EDITORIALES Y DEFORESTACION
REMAN | octubre 2010 | 11:57Según WWF, esto resulta fundamental en nuestro país ya que la edición de libros en este soporte aumentó un 1,5 por ciento durante 2009, a pesar de la recesión económica. De hecho, España se mantuvo el pasado año por encima de la cifra mundial de exportaciones de libros y editó más de un millón de ejemplares al día, acorde con el Ministerio de Cultura.
La organización recuerda que el papel, además de ser un vehículo de cultura y desarrollo, es un material renovable, reutilizable y reciclable. Sin embargo, no hay que olvidar que la pulpa virgen de papel procede de grandes plantaciones forestales específicas y de bosques. De ahí la importancia de que la explotación de los recursos sea sostenible para poner freno a la deforestación y a la pérdida de valiosos ecosistemas. De hecho, a escala internacional unos 13 millones de hectáreas de bosque se han perdido por causas naturales o se han convertido a otros usos entre 2000 y 2010, según la FAO.
Para fomentar la participación del sector en la protección de esta riqueza, WWF realiza una serie de recomendaciones que impulsan la compra responsable. Una batería de medidas desarrolladas en la Guía de WWF para comprar papel con ejemplos concretos de multinacionales que ya están poniendo en marcha estas iniciativas. Entre las editoriales más reconocidas se cuenta Bloomsbury, que publica la serie de Harry Potter y que ya aplica una política de promoción del papel FSC.
Entre sus peticiones a la industria, la organización subraya la necesidad de hacer un aprovechamiento óptimo de la madera dedicada a la fabricación de celulosa, impulsando un uso eficiente del territorio orientado a plantaciones intensivas. Para ello, entre otras medidas, se debe reducir al máximo el consumo innecesario de papel, diseñar embalajes que precisen un menor gramaje e implantar un buen sistema para recuperar el papel.
De otro, demanda que las editoriales se aseguren de que el origen del papel es responsable. Para hacerlo, WWF aconseja que se dé siempre prioridad a la fibra reciclada, y que la fibra virgen sea certificada FSC, evitando el consumo de otras de procedencia desconocida.
Asimismo, también resulta crucial exigir un proceso de blanqueado limpio del papel, usando papel sin blanquear, cuando sea posible, y promover la compra de papel libre de cloro TCF, preferentemente, o ECF, de bajas emisiones de AOX.
Por último, la organización pide que se valoren otros parámetros como el uso de energías renovables en la fabricación, la demanda biológica de oxígeno o los residuos que la industria envía a vertederos.

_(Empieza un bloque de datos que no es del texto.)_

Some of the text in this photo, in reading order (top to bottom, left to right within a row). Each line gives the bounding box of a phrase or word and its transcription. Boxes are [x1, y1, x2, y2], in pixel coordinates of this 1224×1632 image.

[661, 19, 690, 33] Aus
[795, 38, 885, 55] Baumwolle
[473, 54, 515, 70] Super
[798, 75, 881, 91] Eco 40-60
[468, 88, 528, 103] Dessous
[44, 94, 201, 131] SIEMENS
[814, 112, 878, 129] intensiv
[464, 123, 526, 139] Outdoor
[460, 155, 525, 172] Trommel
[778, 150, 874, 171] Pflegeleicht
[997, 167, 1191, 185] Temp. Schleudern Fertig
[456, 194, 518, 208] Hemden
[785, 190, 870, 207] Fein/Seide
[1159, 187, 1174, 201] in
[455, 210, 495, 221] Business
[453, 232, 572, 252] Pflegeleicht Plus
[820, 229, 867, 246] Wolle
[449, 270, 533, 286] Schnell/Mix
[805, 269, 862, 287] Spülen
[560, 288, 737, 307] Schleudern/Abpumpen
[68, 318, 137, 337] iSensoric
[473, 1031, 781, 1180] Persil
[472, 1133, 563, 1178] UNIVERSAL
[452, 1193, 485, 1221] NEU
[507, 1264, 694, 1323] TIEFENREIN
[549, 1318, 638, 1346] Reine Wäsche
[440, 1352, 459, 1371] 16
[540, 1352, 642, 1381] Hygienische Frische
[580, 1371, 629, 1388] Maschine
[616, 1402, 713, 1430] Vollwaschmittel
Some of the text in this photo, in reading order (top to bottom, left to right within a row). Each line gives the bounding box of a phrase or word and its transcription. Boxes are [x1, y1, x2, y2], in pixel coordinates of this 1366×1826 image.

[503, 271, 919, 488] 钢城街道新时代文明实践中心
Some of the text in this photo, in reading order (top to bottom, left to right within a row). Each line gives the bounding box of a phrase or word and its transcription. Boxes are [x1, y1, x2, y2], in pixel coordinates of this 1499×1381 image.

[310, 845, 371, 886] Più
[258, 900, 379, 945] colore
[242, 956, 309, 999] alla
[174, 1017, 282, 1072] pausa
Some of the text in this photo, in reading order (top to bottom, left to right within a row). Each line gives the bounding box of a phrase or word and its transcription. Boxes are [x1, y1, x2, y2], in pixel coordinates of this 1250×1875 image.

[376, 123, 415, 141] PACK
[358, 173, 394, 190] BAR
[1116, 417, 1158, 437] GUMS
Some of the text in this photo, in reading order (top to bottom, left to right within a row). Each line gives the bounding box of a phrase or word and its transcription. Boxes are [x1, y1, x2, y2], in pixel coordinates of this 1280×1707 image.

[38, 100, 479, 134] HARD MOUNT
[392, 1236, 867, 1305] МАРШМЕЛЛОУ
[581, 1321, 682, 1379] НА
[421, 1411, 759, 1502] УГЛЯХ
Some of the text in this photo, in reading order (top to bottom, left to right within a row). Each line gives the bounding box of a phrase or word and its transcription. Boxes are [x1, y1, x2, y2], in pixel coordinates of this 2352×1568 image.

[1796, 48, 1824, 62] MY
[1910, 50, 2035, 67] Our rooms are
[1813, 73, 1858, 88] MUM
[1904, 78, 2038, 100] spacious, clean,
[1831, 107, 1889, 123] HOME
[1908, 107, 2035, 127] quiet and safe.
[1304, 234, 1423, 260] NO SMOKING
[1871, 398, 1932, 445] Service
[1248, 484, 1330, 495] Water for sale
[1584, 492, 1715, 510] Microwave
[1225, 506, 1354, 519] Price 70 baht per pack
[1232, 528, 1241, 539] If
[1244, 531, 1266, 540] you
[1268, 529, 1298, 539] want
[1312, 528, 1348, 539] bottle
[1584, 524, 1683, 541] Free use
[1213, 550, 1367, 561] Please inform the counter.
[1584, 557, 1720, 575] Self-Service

Según Félix Romero, Responsable del Programa de Bosques de WWF: “No todos los papeles son igual de ecológicos. El origen de la fibra y el proceso de fabricación nos dan las claves para discriminarlos y, así, medir el compromiso empresarial con el medio ambiente”. Y concluye: “utilizar preferentemente papel reciclado o, en su caso, certificado por FSC y blanqueado sin cloro TCF o PCF deben ser las prioridades del consumo responsable”.
Sobre FSC:
FSC es la organización que promueve un modelo de gestión forestal ambientalmente responsable, socialmente beneficioso y económicamente viable de los bosques: certificación FSC. En España cuenta con 151 socios entre los que se incluyen Administraciones públicas, empresas, comunidades de montes, sindicatos, organizaciones de comercio justo y grupos ecologistas, entre otros. Por el amplio apoyo que recibe por parte de todos los sectores implicados en la gestión forestal, FSC es el sistema de certificación que tiene mayor demanda y éxito en el mercado.